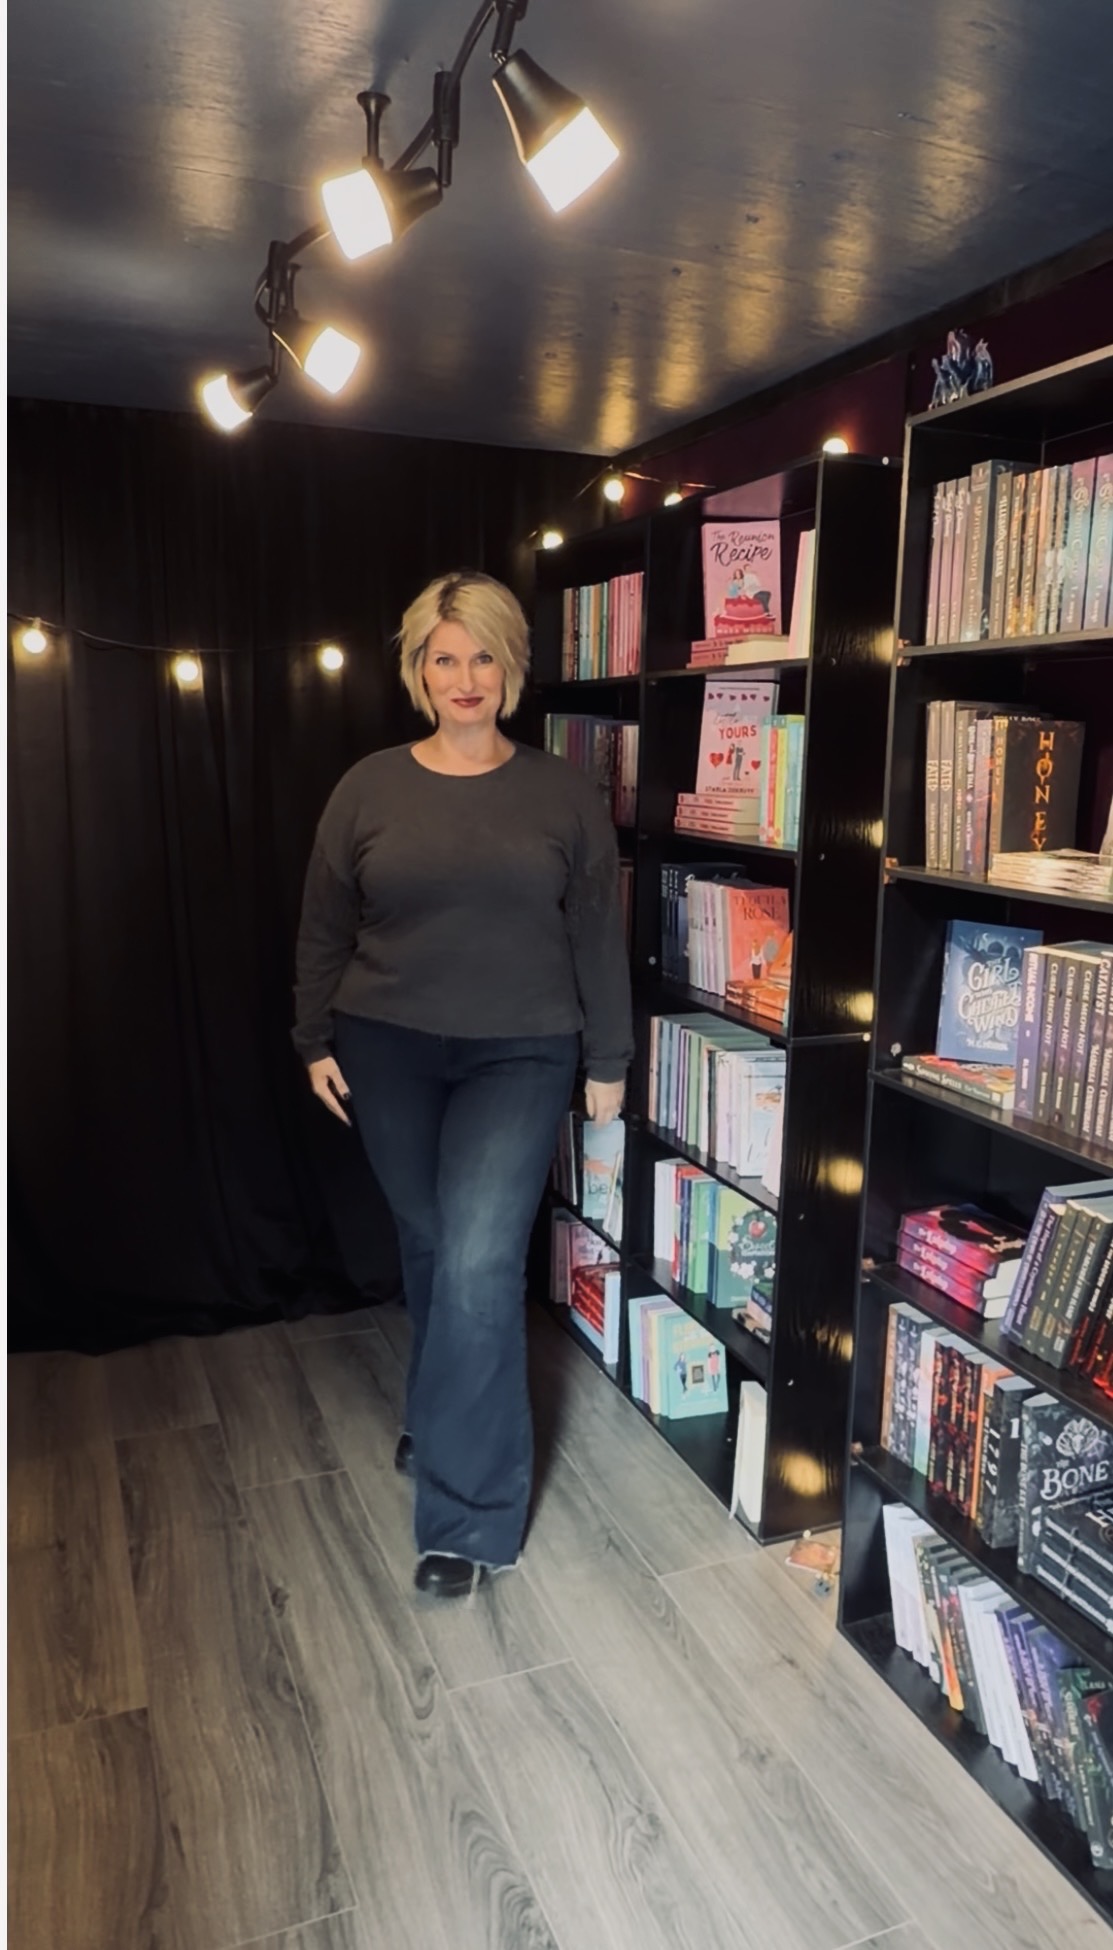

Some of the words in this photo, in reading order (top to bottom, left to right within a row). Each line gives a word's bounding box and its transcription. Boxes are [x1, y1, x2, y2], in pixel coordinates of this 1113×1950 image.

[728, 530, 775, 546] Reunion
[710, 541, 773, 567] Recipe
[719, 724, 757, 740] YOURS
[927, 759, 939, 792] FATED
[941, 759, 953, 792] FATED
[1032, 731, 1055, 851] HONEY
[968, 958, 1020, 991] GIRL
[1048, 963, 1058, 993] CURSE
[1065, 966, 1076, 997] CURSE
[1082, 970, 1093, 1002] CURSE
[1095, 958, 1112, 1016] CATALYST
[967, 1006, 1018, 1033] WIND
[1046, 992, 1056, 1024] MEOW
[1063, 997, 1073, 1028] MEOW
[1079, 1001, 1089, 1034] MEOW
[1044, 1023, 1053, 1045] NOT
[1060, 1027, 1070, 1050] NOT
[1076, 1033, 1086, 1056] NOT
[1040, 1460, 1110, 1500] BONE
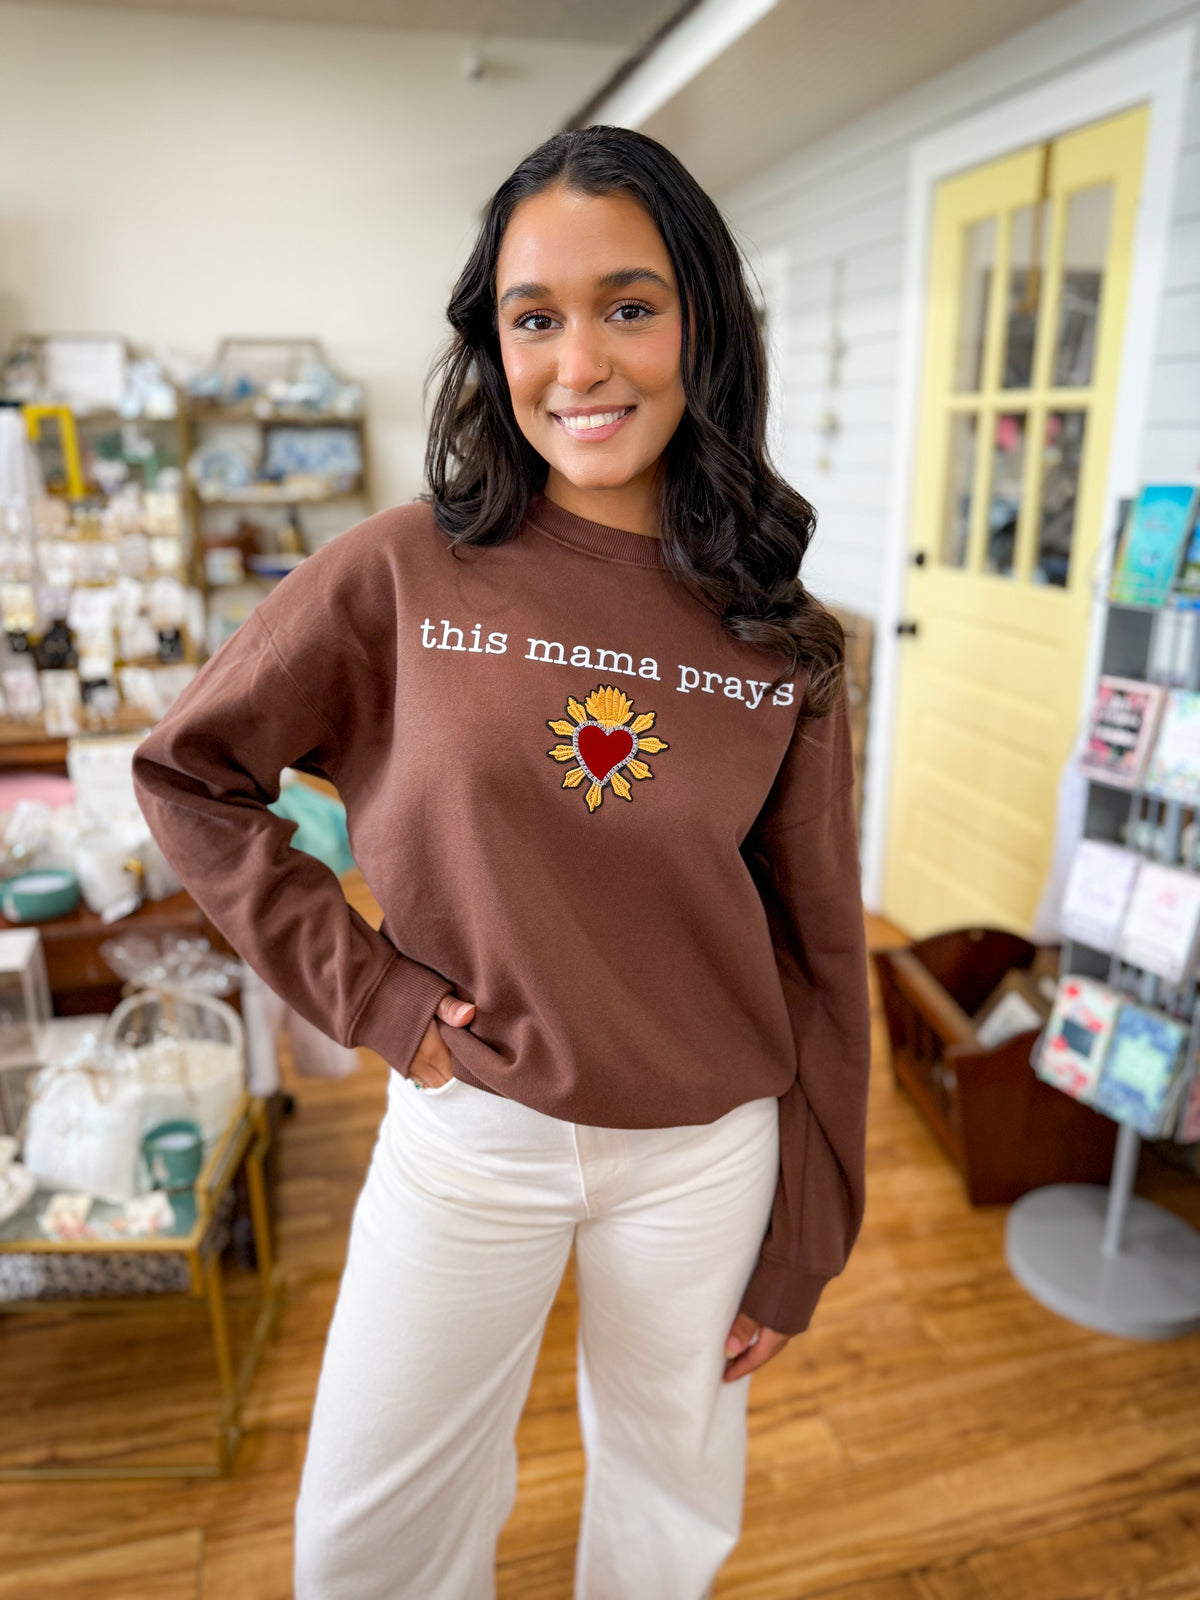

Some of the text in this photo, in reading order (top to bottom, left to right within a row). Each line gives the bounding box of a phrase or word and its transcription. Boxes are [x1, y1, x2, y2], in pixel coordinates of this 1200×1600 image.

★ ★ ★ ★

_Work required:_
Return every entry from the listing above exactly as it stands, leaving out any picture.

_Reply to the task:_
Some of the words in this photo, in reading order (top to bottom, left to right within a row). Each line gives a word's bounding box and its transcription. Boxes are [x1, y1, x2, y2], in pixel coordinates of this 1113×1950 image.

[728, 530, 775, 546] Reunion
[710, 541, 773, 567] Recipe
[719, 724, 757, 740] YOURS
[927, 759, 939, 792] FATED
[941, 759, 953, 792] FATED
[1032, 731, 1055, 851] HONEY
[968, 958, 1020, 991] GIRL
[1048, 963, 1058, 993] CURSE
[1065, 966, 1076, 997] CURSE
[1082, 970, 1093, 1002] CURSE
[1095, 958, 1112, 1016] CATALYST
[967, 1006, 1018, 1033] WIND
[1046, 992, 1056, 1024] MEOW
[1063, 997, 1073, 1028] MEOW
[1079, 1001, 1089, 1034] MEOW
[1044, 1023, 1053, 1045] NOT
[1060, 1027, 1070, 1050] NOT
[1076, 1033, 1086, 1056] NOT
[1040, 1460, 1110, 1500] BONE

Some of the text in this photo, in reading order (top to bottom, left to right within a row). Each line gives the bounding box of a phrase or word and its transcription. Boxes are [x1, y1, x2, y2], in pixel coordinates of this 1200×1600 image.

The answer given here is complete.